Assignment: Word for word, restate all the records; images are not part of the copy.

(Collected data)
▬▬▬▬▬▬
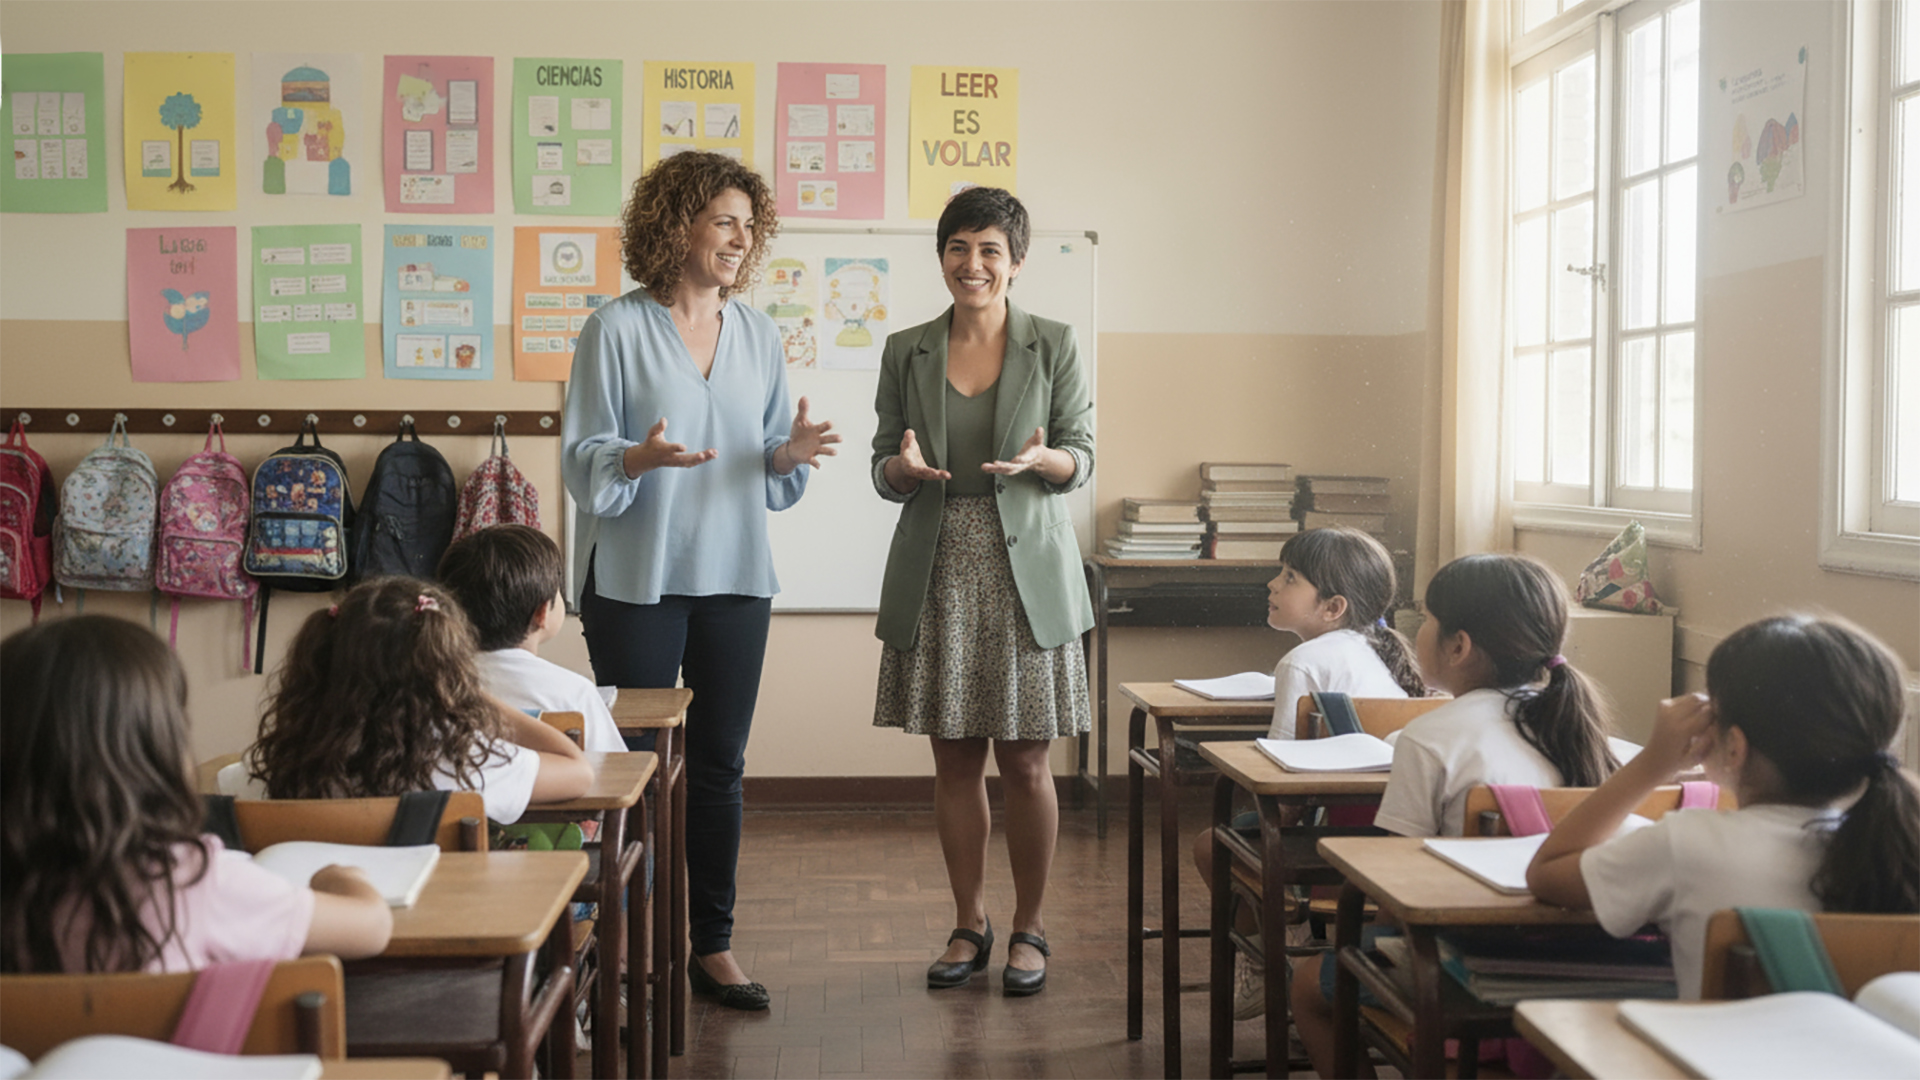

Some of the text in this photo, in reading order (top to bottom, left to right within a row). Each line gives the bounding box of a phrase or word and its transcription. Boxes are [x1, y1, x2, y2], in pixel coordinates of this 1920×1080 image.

[537, 65, 602, 87] CIENCIAS
[664, 68, 734, 90] HISTORIA
[941, 72, 998, 98] LEER
[953, 110, 980, 135] ES
[922, 140, 1011, 167] VOLAR
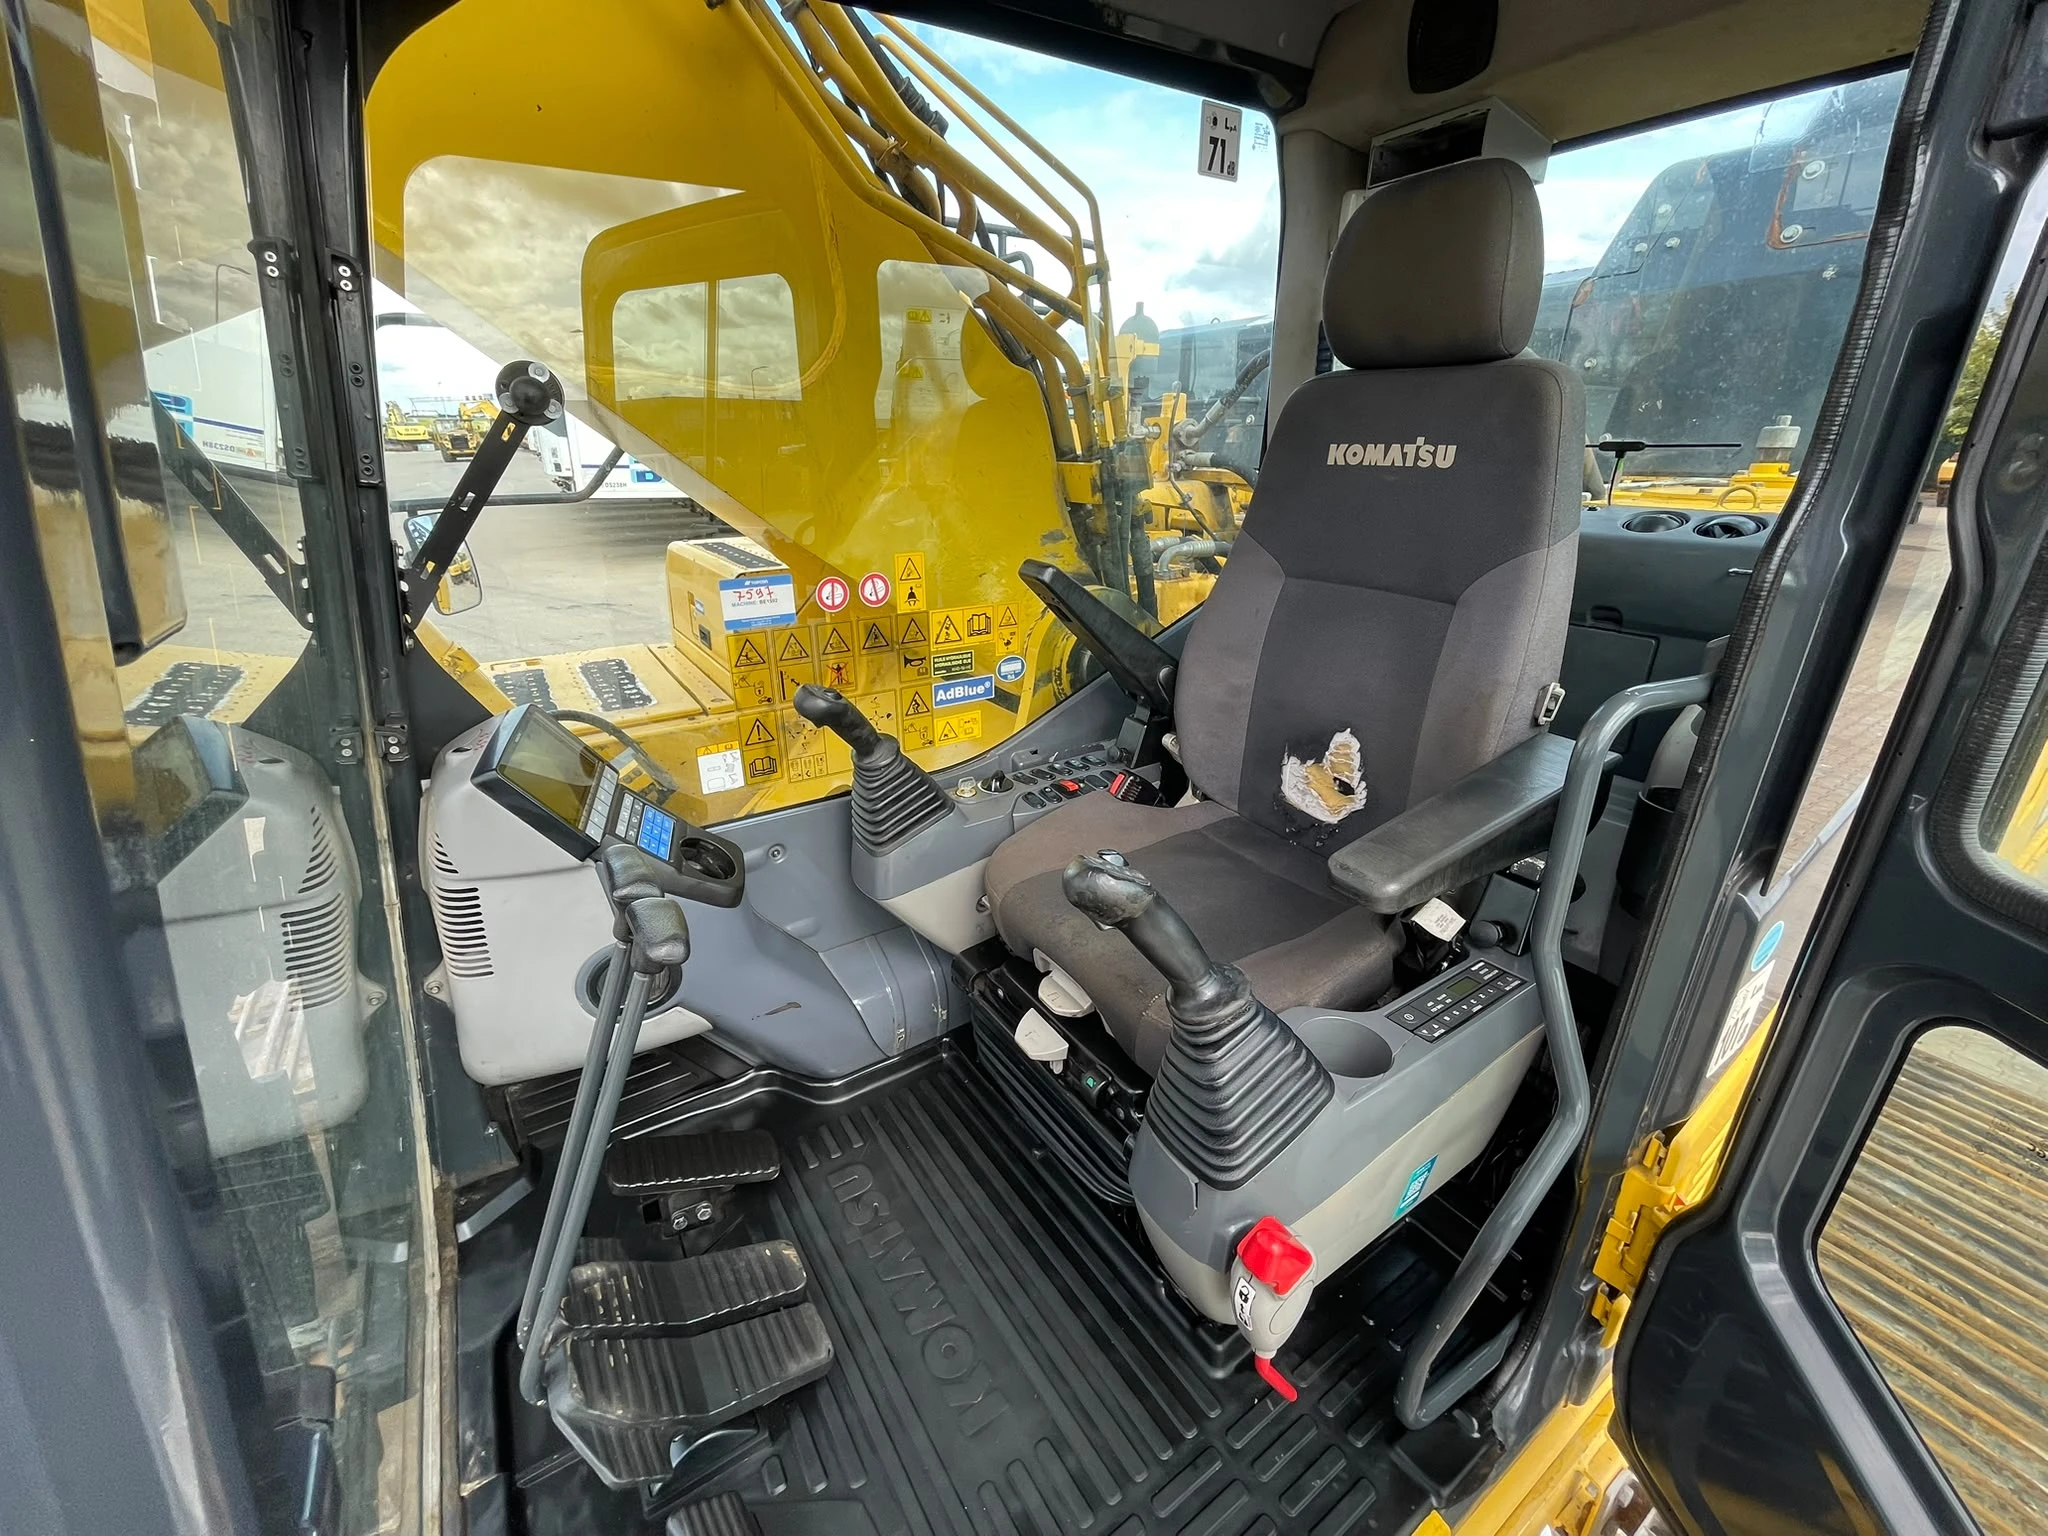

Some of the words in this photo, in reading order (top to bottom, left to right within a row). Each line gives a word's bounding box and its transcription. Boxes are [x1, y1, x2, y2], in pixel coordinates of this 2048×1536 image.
▬▬▬▬▬▬
Solution for this exercise:
Some of the text in this photo, in reading order (top to bottom, left to right within a row). Each line gives the bounding box of a phrase or word and its transcription. Boxes are [x1, y1, x2, y2], in pixel coordinates of this 1920×1080 image.

[537, 65, 602, 87] CIENCIAS
[664, 68, 734, 90] HISTORIA
[941, 72, 998, 98] LEER
[953, 110, 980, 135] ES
[922, 140, 1011, 167] VOLAR

Some of the words in this photo, in reading order (top to bottom, left to right within a row). Each line gives a word's bounding box and its transcription. Boxes are [x1, y1, x2, y2], in pixel coordinates of this 2048×1536 image.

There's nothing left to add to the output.